My daughter lives here in Florida about 10-12 miles from me but my son lives in WV and runs a farm. He dearly loves the outside and he has so many wonderful wild animals that come down into his yard to visit. He has newborn baby deer and their mamas that come and raccoon, squirrels, and all kind of beautiful birds that he feeds daily. He can’t get away often as a farm needs daily tending and so we are on the phone a lot. Sometimes he will call just to describe a new little fawn that has come to visit with her mama. Or he will discover a new bird that has built a nest nearby.
We were talking the other day about the loss of a friend and we started talking about my situation and that I could go without much warning. He touched me deeply when he said that we have shared our hearts and our love for so many years that I am imprinted upon his heart and mind so that I will never really leave him. He said “Mom, you know this all began from my earliest memories and you would tell me about all the family and the things our family had done or been though, about the ones who went off to war, and the ones who added so much to our lives and….. the ones who didn’t want to.
He said “Mom, you are so much a part of me that you will never leave me except in the physical sense, but you are right here in my heart and brain where you have always been.” I thought about that and I realized it was true with me also, as my Mom passed away three years ago, and yet she is always here in my heart and I talk to her all the time. The same goes for my little feathered angels. Although I miss being able to hold them and kiss their little heads, they still fill my life with their presence. This thing we call love has so many facets and touches in so many different ways. I can go back in my mind to those days when my son was just months old but learning so quickly, and I would explain things to him that were happening in our day. I am so glad that I took the time to share with him and to never fail to let him feel and hear of my love. Someway, in the early days of his growing up, he never felt alone and never thought it strange when he must take a “time out” to also teach him discipline.
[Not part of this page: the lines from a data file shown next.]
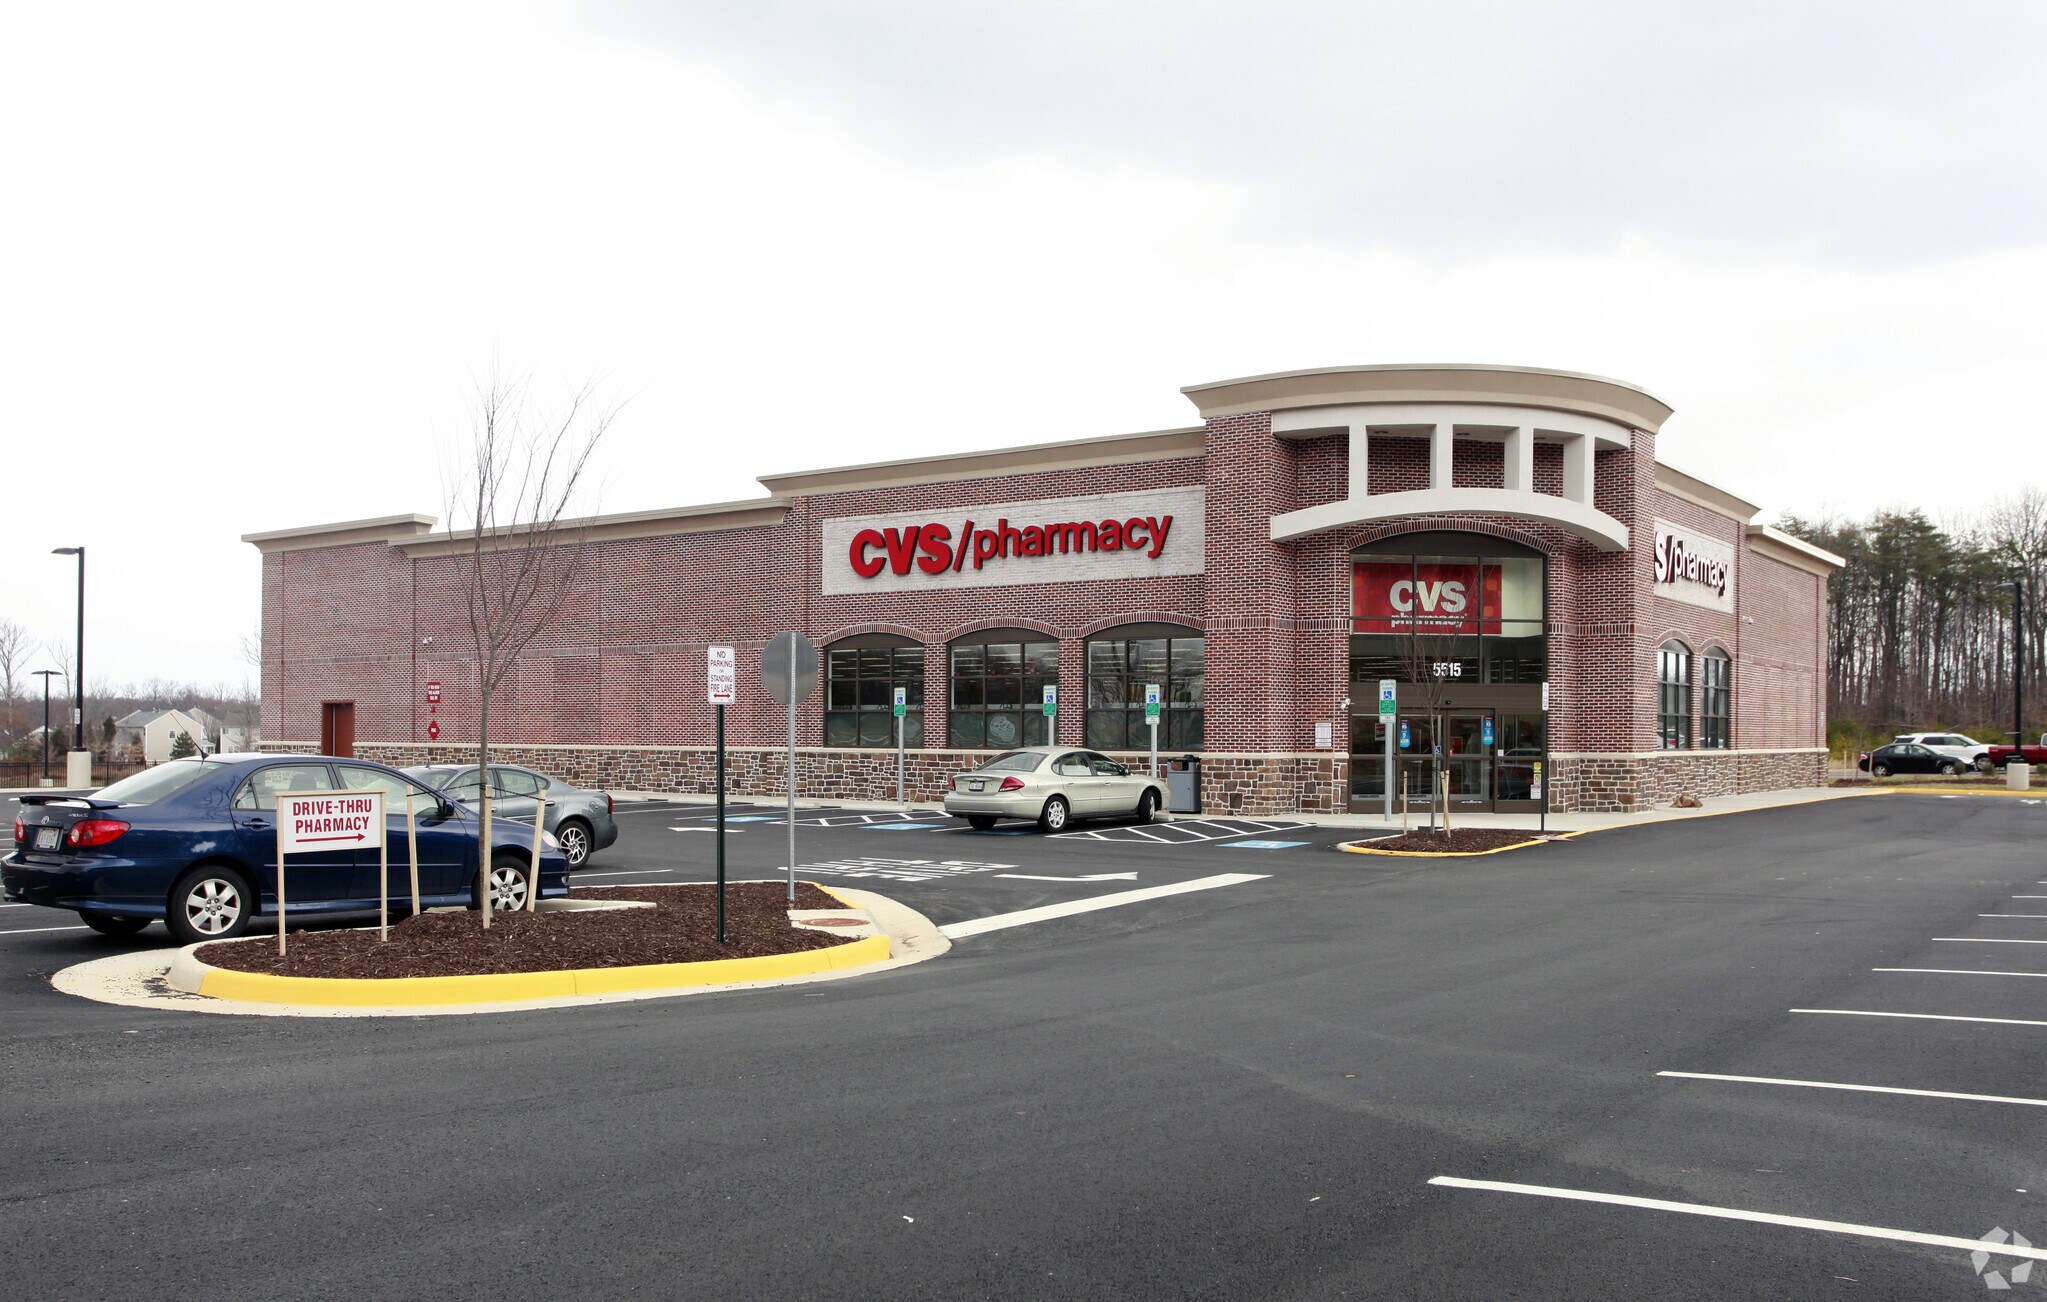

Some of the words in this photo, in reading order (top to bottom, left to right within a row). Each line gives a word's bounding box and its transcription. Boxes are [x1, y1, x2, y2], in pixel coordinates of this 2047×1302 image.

[849, 515, 1174, 578] CVS/pharmacy
[1389, 579, 1467, 613] CVS
[710, 660, 733, 668] PARKING
[1433, 662, 1462, 677] 5515
[710, 684, 720, 692] FIRE
[721, 684, 733, 692] LANE
[292, 799, 372, 816] DRIVE-THRU
[295, 816, 370, 834] PHARMACY
It makes me feel complete, I guess, knowing that when I am physically gone from his life, I will still be there in all the ways that really matter.
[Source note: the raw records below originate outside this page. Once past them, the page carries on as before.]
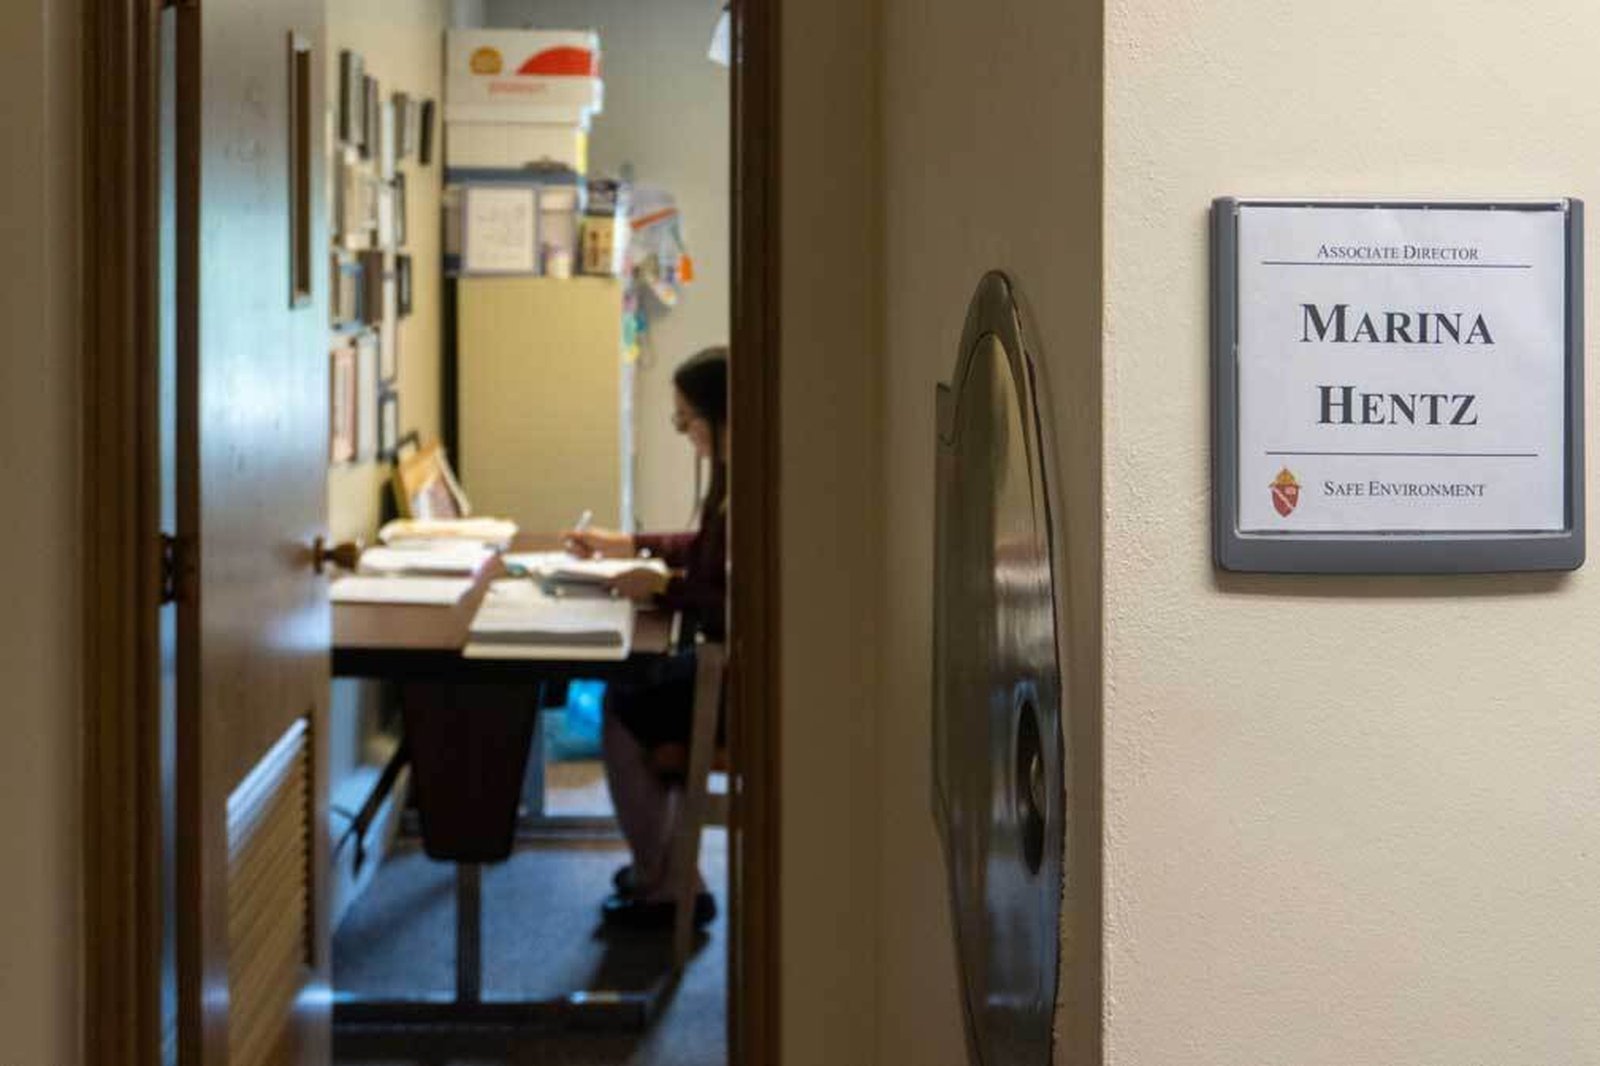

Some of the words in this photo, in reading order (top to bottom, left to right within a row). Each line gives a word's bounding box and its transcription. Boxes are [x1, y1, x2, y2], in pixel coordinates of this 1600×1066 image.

[1317, 243, 1400, 260] ASSOCIATE
[1402, 244, 1479, 262] DIRECTOR
[1299, 303, 1496, 345] MARINA
[1316, 385, 1479, 427] HENTZ
[1323, 480, 1365, 498] SAFE
[1367, 480, 1487, 499] ENVIRONMENT
I hope and pray that one day Nancy will be able to remember only those wonderful days of her precious son growing up into manhood and know that he became the wonderful man he was because of all the love she poured into his life. Any of us can be gone in a minute, but the person we were before we left is never wasted or forgotten by those we love and who taught us to be the person we are or were. Love is never cheap but comes from hard work, loving and giving. At least, that is the way I understand it.